Step 3-1: preparing scripts for capturing final peak sets

%>perl script/3.post_callpeak_MACS2_v4-1.pl scaleFactor.txt /your_directory/MACS2 /your_directory/postMACS2_v4-1

This process adjusts the read counts at each MACS2 peak using scale Factors. This process tests statistical significance. The thresholds were defined in ATACprofWS.conf. This process also generates files for de novo peaks (unique in a KO sample) and common peaks (found in both KO and Control samples). This process also addresses peaks within 10k-bin genomic windows.

Step 3-2: running the scripts

%>sh postMACS2_v4-1/PARP1/PARP1_pstMACS2.age 
%>sh postMACS2_v4-1/TFDP1/TFDP1_pstMACS2.age

Step 4: gathering all the results to be used for further analysis

%>perl script/4.get_Profile.pl scaleFactor.txt /home/park/Miyanari/ATAC/ATACprofWS/postMACS2_v4-1/ /home/park/Miyanari/ATAC/ATACprofWS/Profile

Now, the directory "Profile" includes the common and de-novo "Peak_Positions" and "Peak_Windows_10K". The file "Numbers.txt" shows the number of ATAC peaks in each category. For example, "TFDP1_KO_denovo.bed" is for the unique peaks that appeared after TFDP1 KO."TFDP1_NC_denovo.bed" is for the disappeared peaks in the TFDP1-KO sample (= unique peaks in the Control sample).
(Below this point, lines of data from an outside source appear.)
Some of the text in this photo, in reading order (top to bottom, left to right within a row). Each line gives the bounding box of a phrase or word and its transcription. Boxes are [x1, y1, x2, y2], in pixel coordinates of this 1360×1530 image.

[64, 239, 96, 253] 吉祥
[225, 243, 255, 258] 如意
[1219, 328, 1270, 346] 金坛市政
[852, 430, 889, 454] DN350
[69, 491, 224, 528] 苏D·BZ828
Step 5: downstream analysis

%>perl script/5.plot_Distribution.pl Profile/Peak_Windows_10K/ NULL Profile/Boxplot
%>perl script/5.plot_Distribution.pl Profile/Peak_Windows_10K/ 2 Profile/Boxplot
%>perl script/6.plot_PeakPie.pl Profile/Peak_Positions/ Profile/Diff_Peaks/ 2

By using the files in the directory "Profile/", these scripts look at the genome-wide fold-change of accessibility of KO samples, differential peaks, distribution of unique/common peaks, etc.

Example:

%>tar xfvz example.tar.gz
%>cat run.log

For guidance purposes, the some of output results have been archived in this example directory. In addition, the file "run.log" lists the command lines used above.